The Relationship to the State and Narratives of the Nation

When we seek to cross the colonial/ post-colonial divide, we uncover a history of continuity and change that has been buried under fifty years of post-hoc state self-justification and the rankling resentment of many Algerians who consider the revolution betrayed. The conflictual and potentially problematic nature of 1962 as symbol of political (il)legitimacy and signpost signaling one’s relationship to power then and now is expressed by interviewees in a number of ways: through an emphasis on their apoliticism, through the metaphor of moral corruption, and through the insistence on being useful citizens, despite everything.

This provides a shared language that brings people together, a “safe space” for political debate that never undermines the social importance of the war and the hegemonic narrative that there was “one sole hero, the people.” In this perspective, the splits and divisions of 1962 become part of the dominant, if not the official, narrative.

The year 1962 is also important in re-defining interviewees relationship to the state. Listening carefully to how interviewees talk about independence, we begin to understand that if familial structures and social expectations of women’s roles proved resistant to change, independence nevertheless meant a redefinition of the relationship between the individual and the state which affected women and men.
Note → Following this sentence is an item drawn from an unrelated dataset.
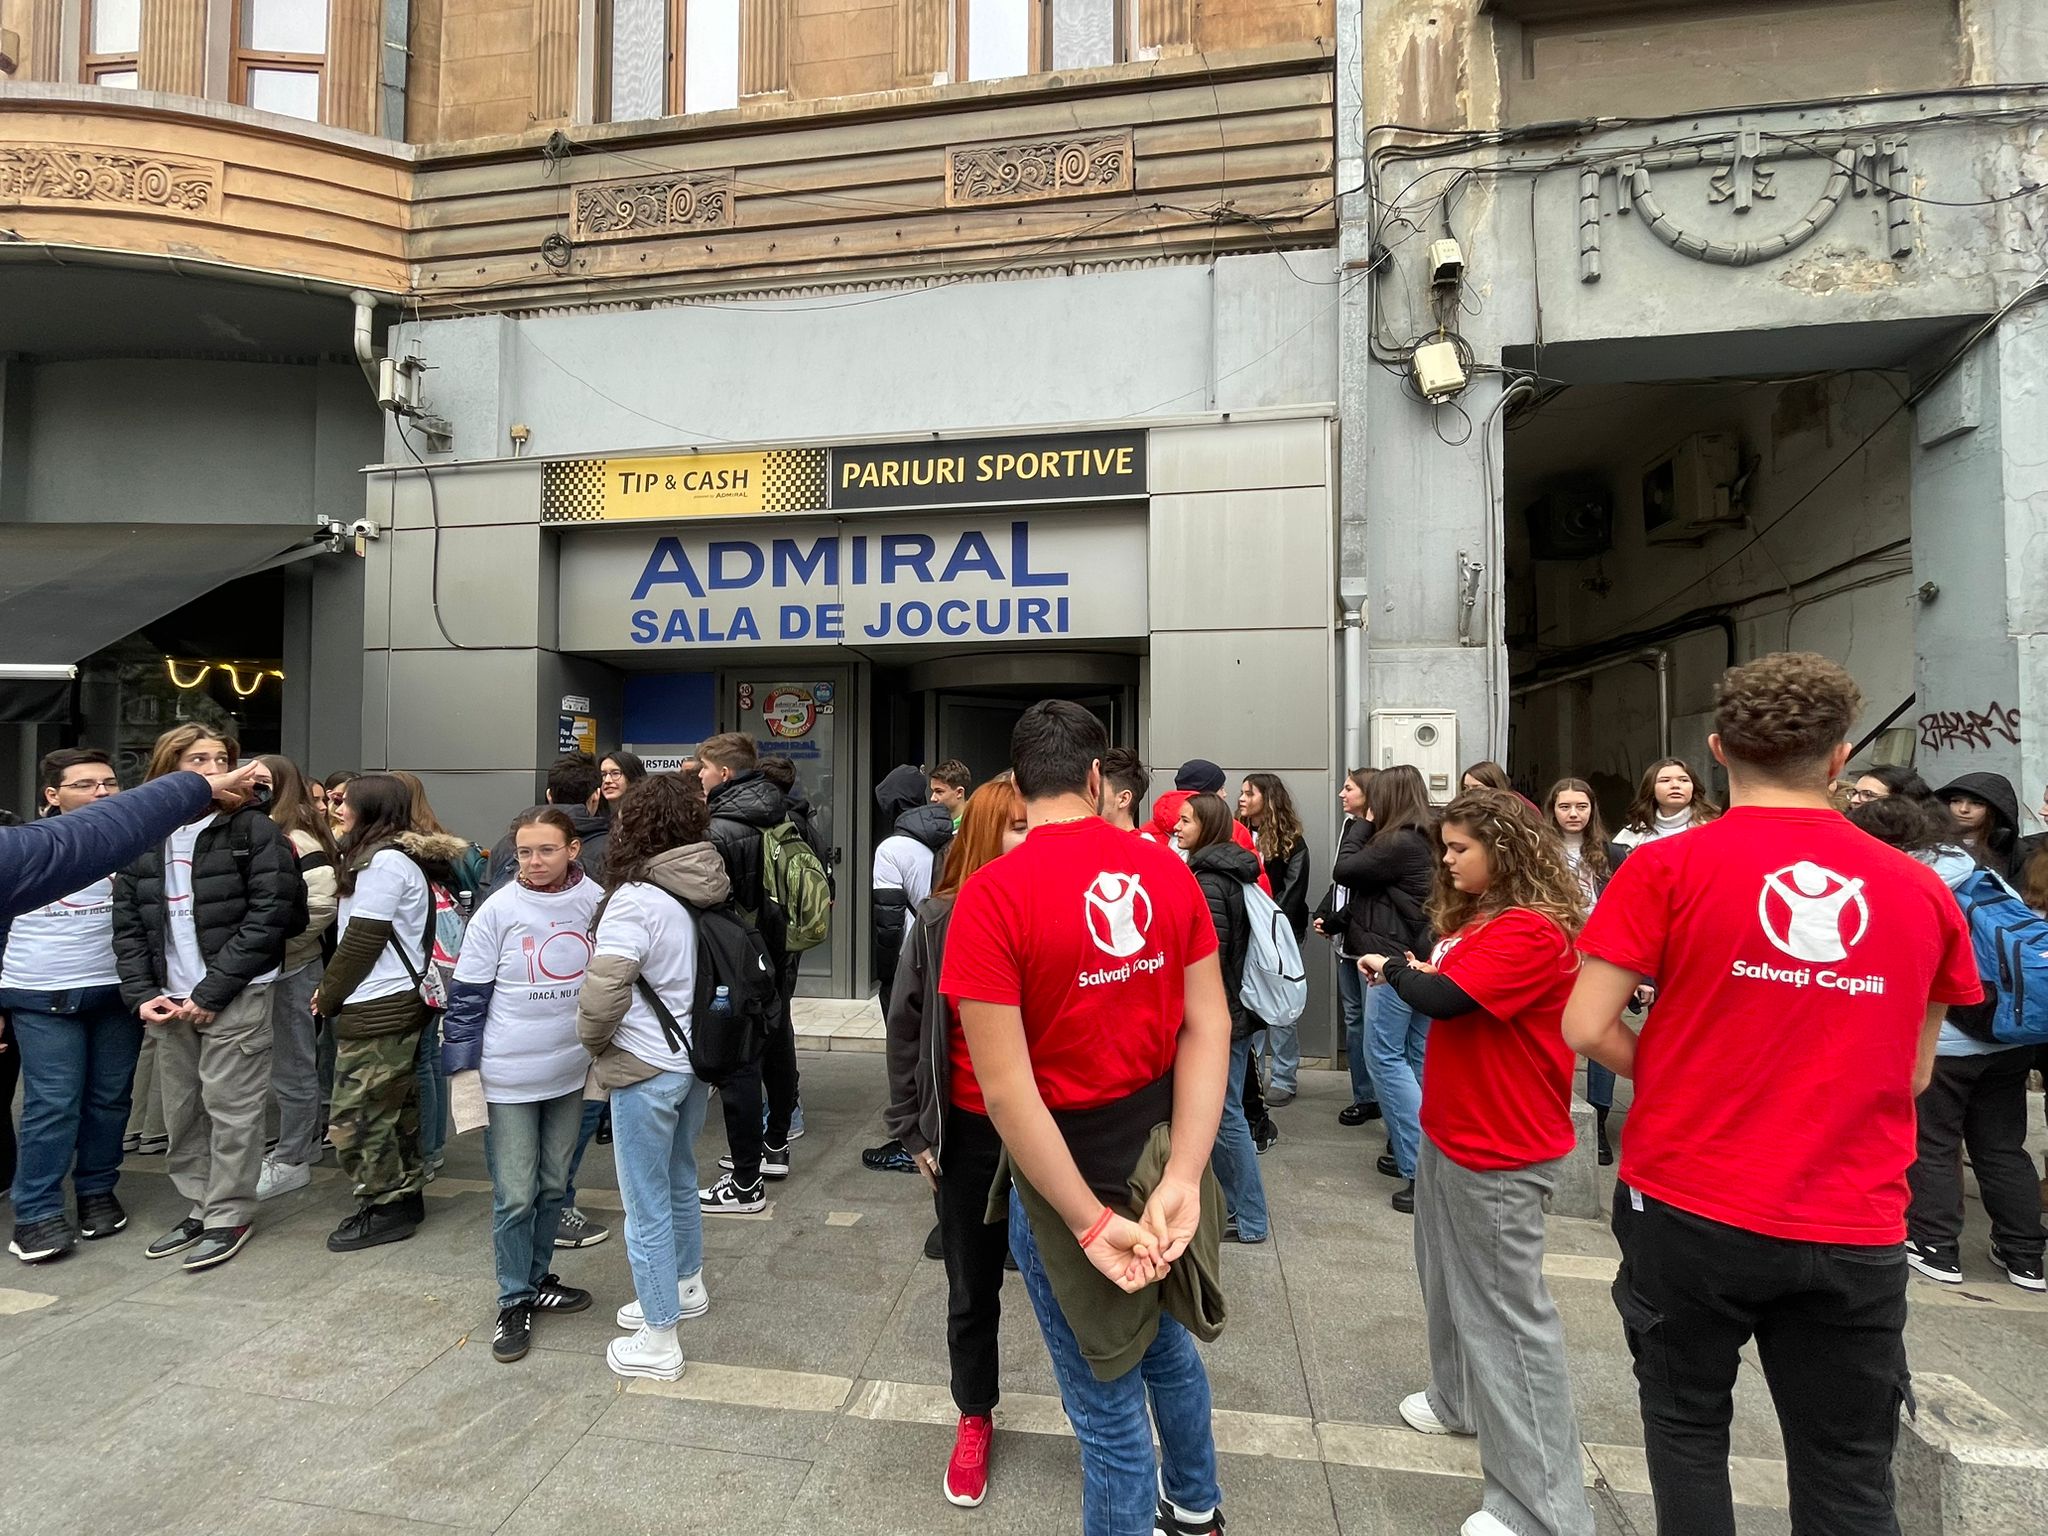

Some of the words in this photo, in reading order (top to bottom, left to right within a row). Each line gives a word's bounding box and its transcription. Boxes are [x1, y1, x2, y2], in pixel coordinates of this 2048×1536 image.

For many women who had participated in the war, 1962 barely registered as a tremor on their day-to-day lives because it had an imperceptible effect on engrained conceptions of the place of women within family and society. Yet at the same time it indicated a seismic shift in shaping the way in which they would view their relationship to the state. From the colonial power to whom nothing was owed and of whom nothing was expected, the post-independence state was meant to fulfill its citizens’ hopes, and at the same time, citizens now had a moral obligation to contribute to state-building. This is a shifting and unwritten social contract, but a social contract nevertheless.